Some of these sales are
buried deep in old established maze-like neighborhoods. Be sure to park close
if at all possible, while you may walk in empty handed, you will hopefully
leave laden with unexpected and unwieldy treasures, which you, all by your
little old self, must ferry to your car and load.
The
Second lesson ~
Prepare for the smell! Dust, mildew, age, decay, possibly a
faint whiff of urine. If you are lucky, that will be the extent. If you are
not, the smell may hit you like a wall, searing the inside of your nasal passages
and causing you to lose your appetite for the next full day.
The Third Lesson ~
If you see it and you think you want it, put your hand on it
immediately! Pick it up! Don’t set it back down planning to ‘get it on your way
out’. If there was a particular item you desired, find it – First! And quickly
but firmly pick it up, tuck it in the crook of your arm and hold on. You are on
the defensive here. Now, this does not mean you can’t act like a lady. Be sure
to smile your sweetest smile at the mildly aggressive competition while
securing the decorative French coat hangers. Perhaps even answer her query with
‘yes, they are lovely, I had just had to come back and get them’, then turn and
with a slight wave, make for the sales table.
The Fourth Lesson ~
If you are sitting below a card table, on a dusty, dirty carpet,
creating a tripping hazard for other shoppers, and going through slightly grimy
boxes of small plastic toys and parts, and your partner says, ‘I think these
plastic columns may go with that fantastic metal doll house you found’, get
them, even if you think your mother …I mean partner, may be wrong. You do
not want to find, while scouring the internet in an attempt to value said
lovely doll house, that it is worth considerably more if you have the plastic
columns and portico that she handed you and you firmly discarded. They were
only 50 cents apiece.
The Sixth Lesson ~
Bartering, just try it. If you’re not good at it, take someone who is.
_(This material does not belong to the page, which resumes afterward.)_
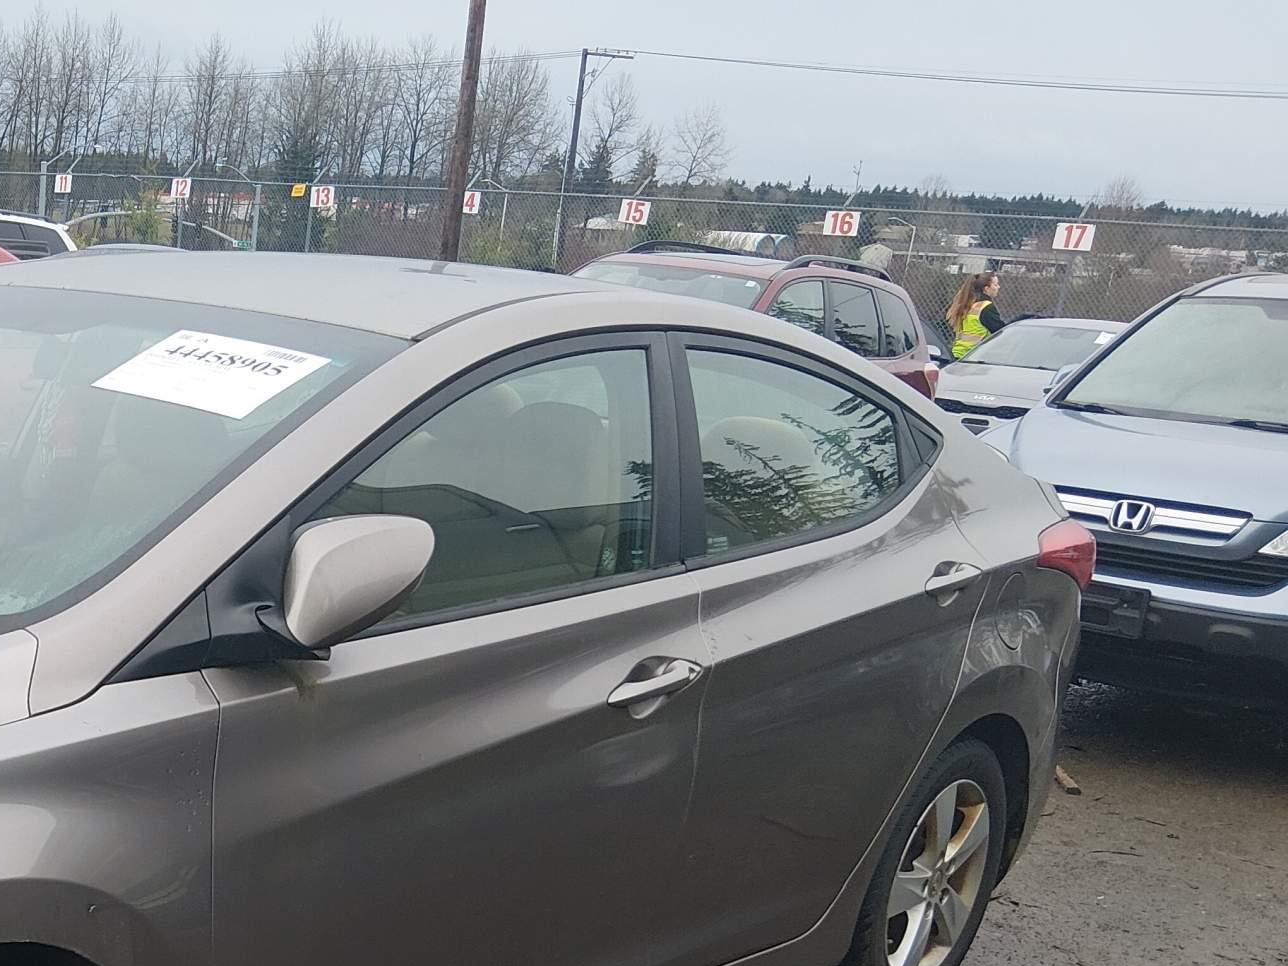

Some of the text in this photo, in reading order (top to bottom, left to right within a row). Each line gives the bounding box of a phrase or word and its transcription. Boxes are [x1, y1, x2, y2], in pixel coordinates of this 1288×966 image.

A couple of things here, if your daughter…I mean partner, is trying to barter,
and mutters that the stains on the vintage linen tea towel might not come out,
do not reassure her you can get it out. That is not the time. She will shoot a
look of daggers at you. On the way to the car you will be informed that ‘from
now on you shouldn’t say anything while I’m trying to get the price down’. More on bartering another time.
The Final Lesson ~
Wet wipes and hand
sanitizer. Trust me, just please trust
me. You will not want to touch anything,
until you’ve had a chance to remove a layer of… let’s just call it dirt. While
my hubby, the Major, contends that the main ingredient in hand sanitizer is
fear, it is still a must for this situation. If nothing else, it makes you feel
better.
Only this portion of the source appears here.